Giving birth is a scary process. Perhaps especially the first time we go through it. There are so many unknowns. Just how much pain will I endure? Will the baby that I carried for so many months come out healthy? Will I make it?
My first child was delivered via c-section. I've accepted it (even embraced it in the sense that he and I both remained healthy and safe during delivery). I decided I would go ahead with the c-section for my second baby as well (in September 2012).
I wasn't as nervous going into things the second time. I still had major butterflies in my stomach. I still shook as the anesthesiologist had me hunch over on a cold surgical table for the extremely long silver needle that was to go into my spine. And I still squeezed my husband's hand very tightly as the tugging and pulling on my stomach felt increasingly aggressive as my doctor retrieved my daughter.
But at least I had been through all of it before; there were fewer unknowns. It was still frightening, but not completely new. Immediately after my daughter's birth, we experienced the exquisite joy that I think one only feels when they welcome a new baby into the world. Pride. Happiness. Relief.

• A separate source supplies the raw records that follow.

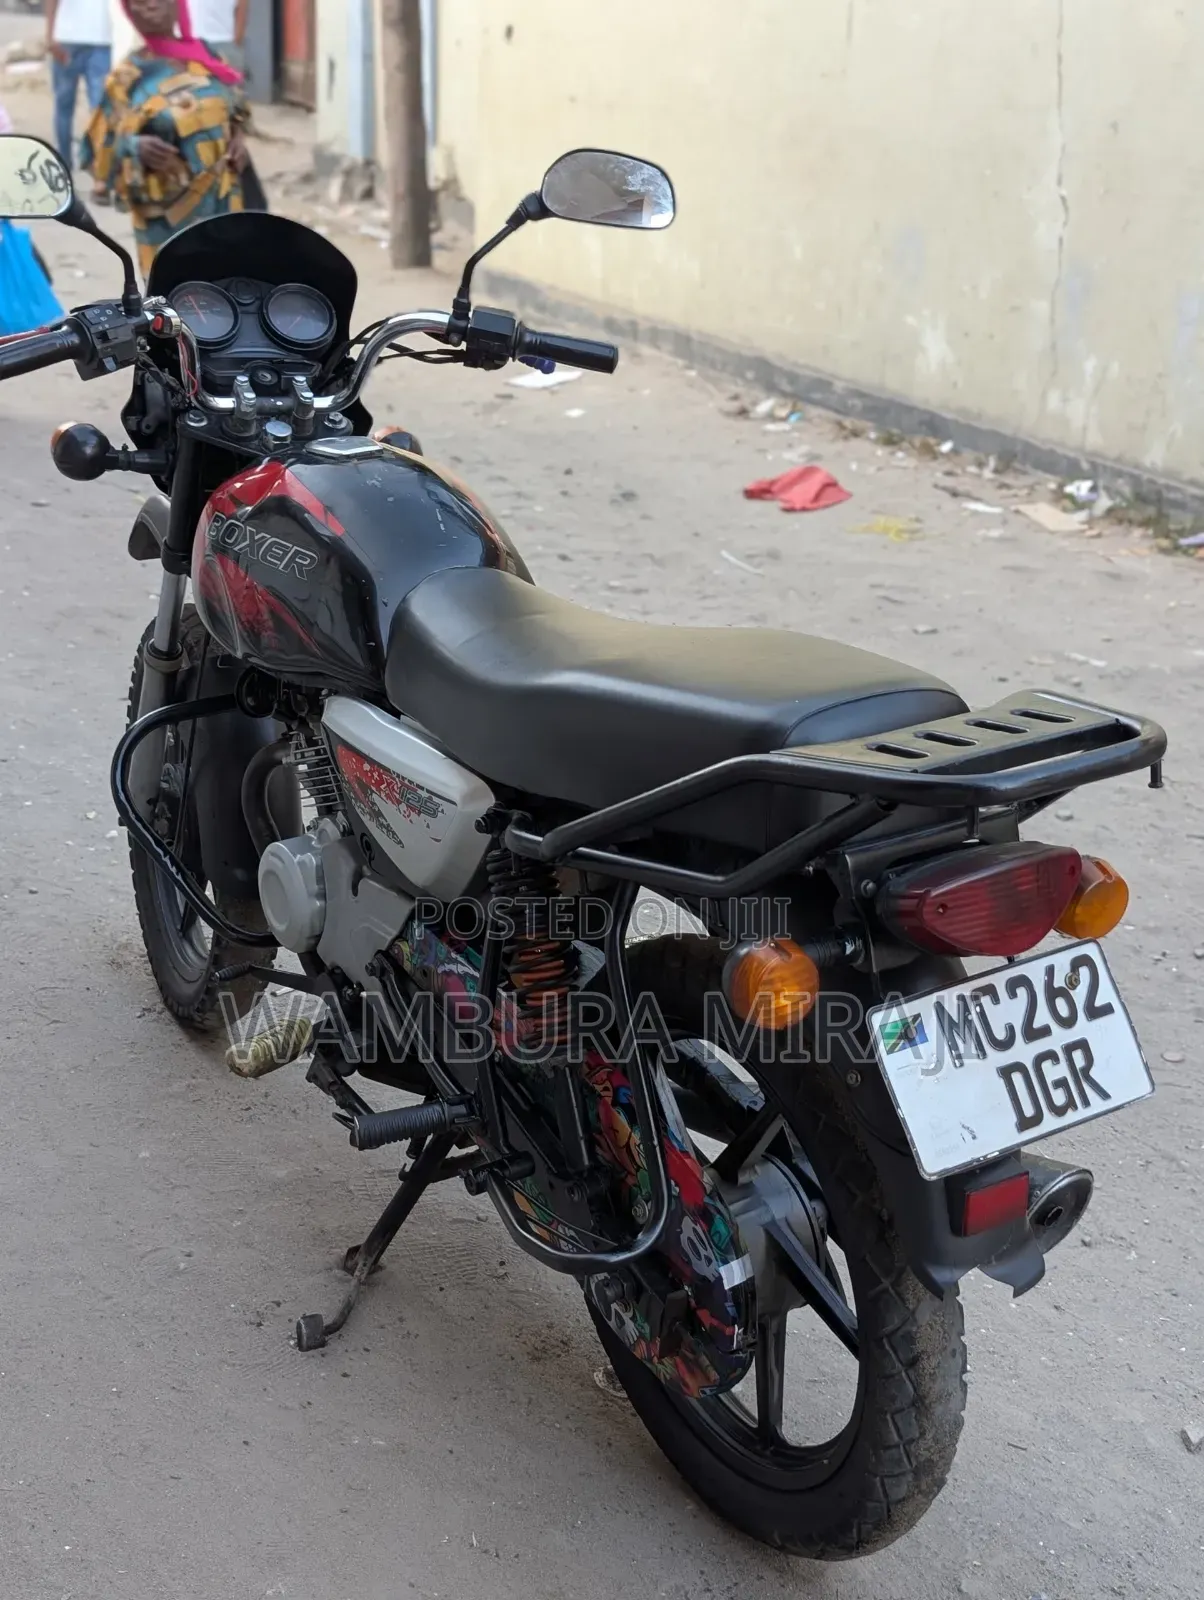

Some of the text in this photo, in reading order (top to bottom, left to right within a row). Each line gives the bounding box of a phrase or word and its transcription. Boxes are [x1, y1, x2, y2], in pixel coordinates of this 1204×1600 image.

[205, 511, 319, 581] BOXER
[933, 953, 1115, 1069] MC262
[996, 1036, 1112, 1134] DGR
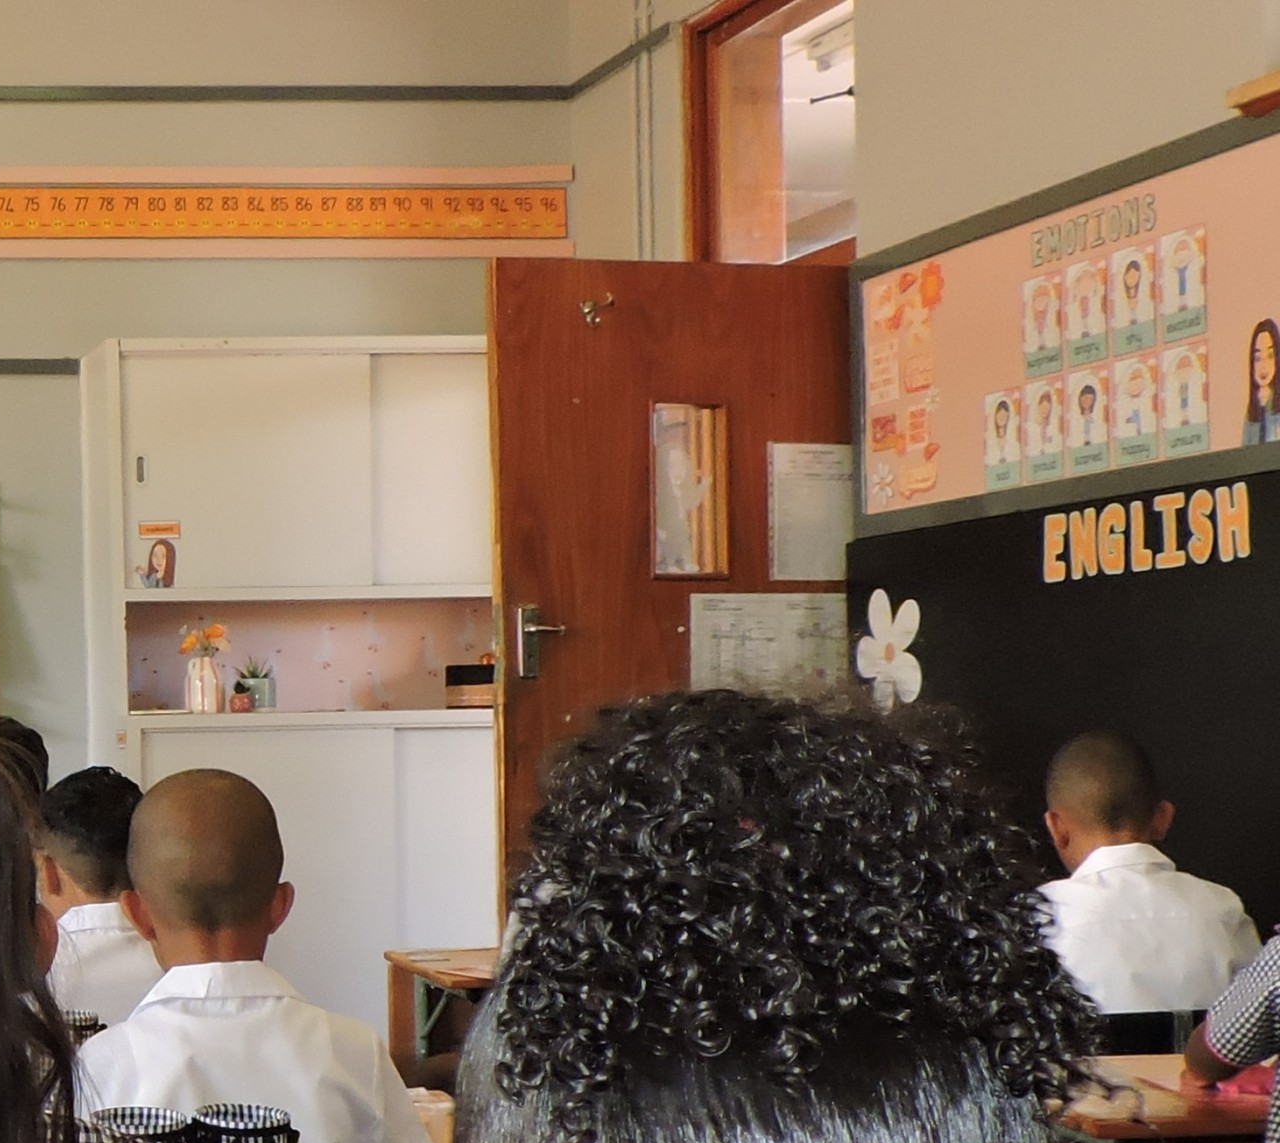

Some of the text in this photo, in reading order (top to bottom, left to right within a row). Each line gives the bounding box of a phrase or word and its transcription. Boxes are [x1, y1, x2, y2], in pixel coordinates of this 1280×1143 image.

[0, 197, 14, 212] 74
[24, 197, 40, 211] 75
[51, 197, 66, 212] 76
[75, 197, 89, 211] 77
[99, 197, 114, 211] 78
[123, 197, 138, 210] 79
[148, 197, 166, 211] 80
[175, 197, 186, 211] 81
[197, 197, 213, 211] 82
[222, 197, 238, 211] 83
[248, 197, 264, 212] 84
[271, 197, 288, 211] 85
[296, 197, 312, 211] 86
[321, 197, 337, 211] 87
[346, 197, 363, 211] 88
[370, 197, 386, 211] 89
[393, 197, 411, 212] 90
[421, 197, 432, 210] 91
[444, 198, 460, 212] 92
[467, 198, 484, 211] 93
[491, 197, 508, 212] 94
[514, 197, 532, 212] 95
[540, 198, 557, 212] 96
[1031, 193, 1157, 268] EMOTIONS
[1043, 481, 1251, 583] ENGLISH
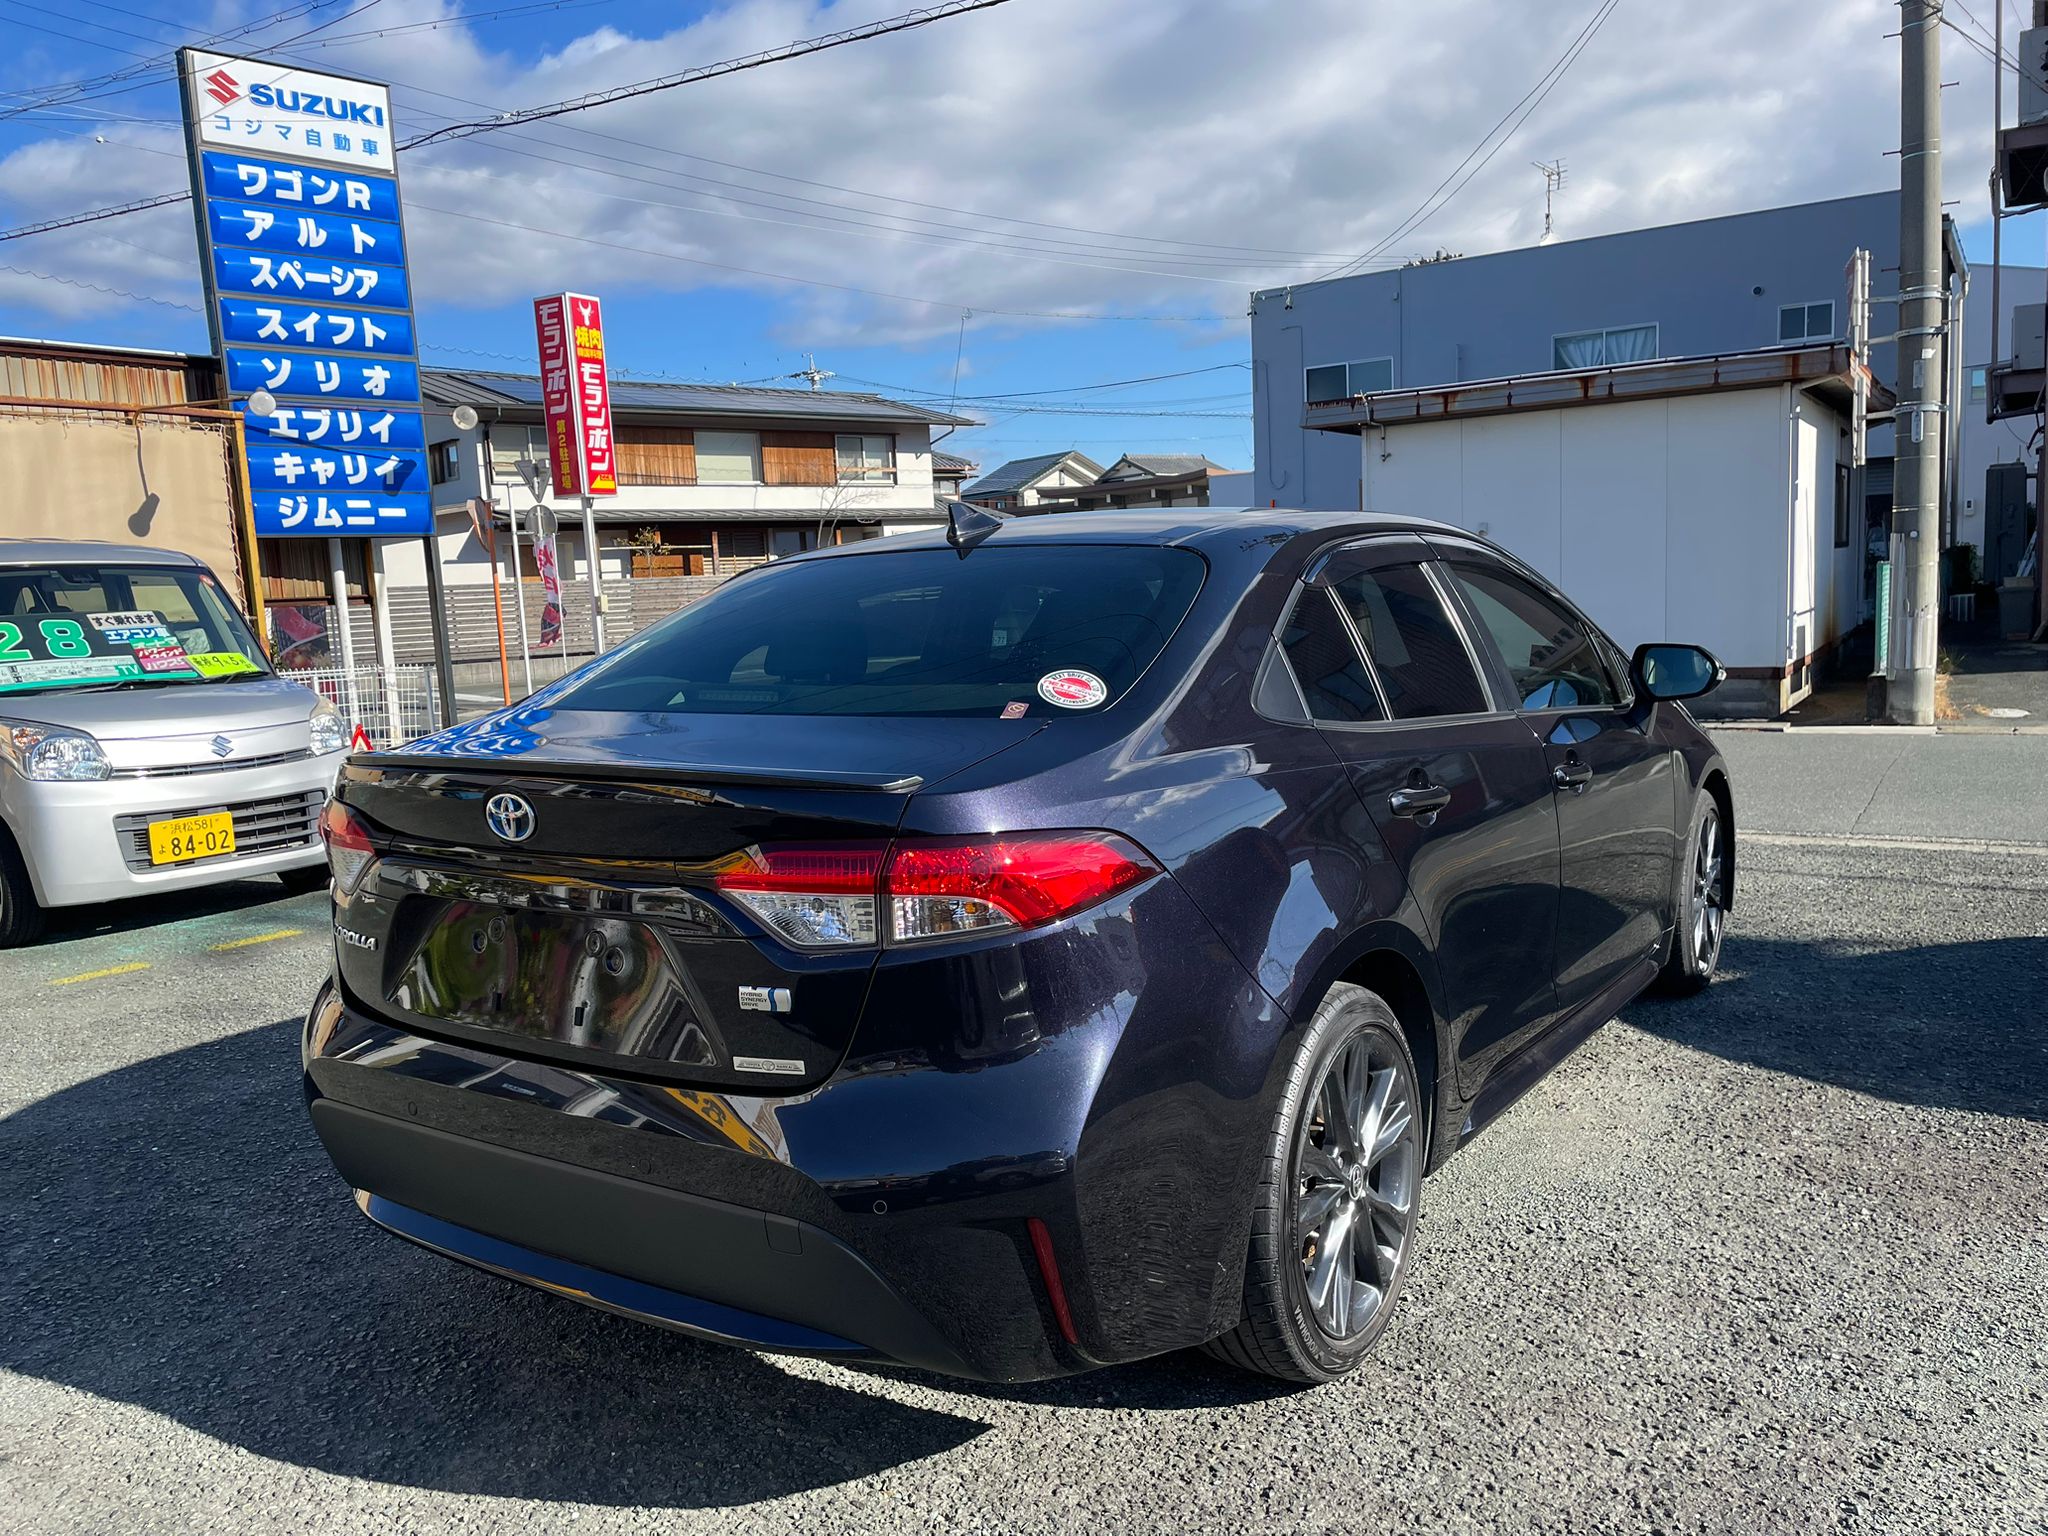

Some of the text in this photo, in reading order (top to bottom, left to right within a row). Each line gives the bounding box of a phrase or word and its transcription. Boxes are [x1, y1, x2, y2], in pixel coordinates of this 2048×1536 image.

[249, 83, 385, 128] SUZUKI
[214, 114, 379, 157] コジマ自動車
[237, 163, 371, 211] ワゴンR
[242, 209, 376, 254] アルト
[249, 256, 378, 299] スペーシア
[255, 307, 387, 348] スイフト
[261, 357, 391, 396] ソリオ
[539, 302, 568, 415] モランボン
[580, 362, 610, 471] モランボン
[278, 496, 407, 528] ジムニー
[171, 829, 230, 856] 84-02

However, within a couple hours (minutes?), I started losing a lot of blood. I remembered this from when I had my son (even though I hadn't at the time known bleeding occurred with a c-section), but this time, there was a lot more. And it wasn't subsiding. The nurses were starting to get more serious, and they brought in other nurses. They whispered a lot. My doctor was called. Suddenly I was being wheeled into another section of the post-delivery area of the hospital for intensive care.
I won't go into the various manual and medical procedures I went through over the next few hours to stop the bleeding and prevent a blood transfusion. Frankly, I was so out of it from pain (epidural had worn off) and exhaustion at that point that it is all kind of foggy.
People who shrug off c-sections as being easy used to bother me. It made me defensive and sensitive. But after my hemorrhaging experience, those opinions and judgement simply sound ignorant. I write this post-- a definite break from my usual lighthearted tone-- to raise awareness of a complication that, if it can't be avoided, can at least be known. Because while it might seem alarmist to call attention to all of the risks that come with birth, it might also help at least one person feel a little more prepared or raise awareness of the issue in general.
Postpartum hemorrhages (PPH) can occur in a vaginal birth or a c-section (in about 6% of all births). It is the leading cause of maternal mortality (though if you are fortunate enough to live in a developed country, risk of death from PPH is much lower).
I did not fit any of the risk factors, such as clotting disorders, heart issues, severe preeclampsia.
I write this birth story so that if there are any pregnant women out there reading, they can choose to ask their doctor, "if this happens, what would be the plan?" Sometimes it is comforting to have a game plan.
All of that said, I wish all of my pregnant readers as healthy a birth experience as possible. Regardless of how your baby is brought into the world, no one can take away your joy when you first get to hold him or her!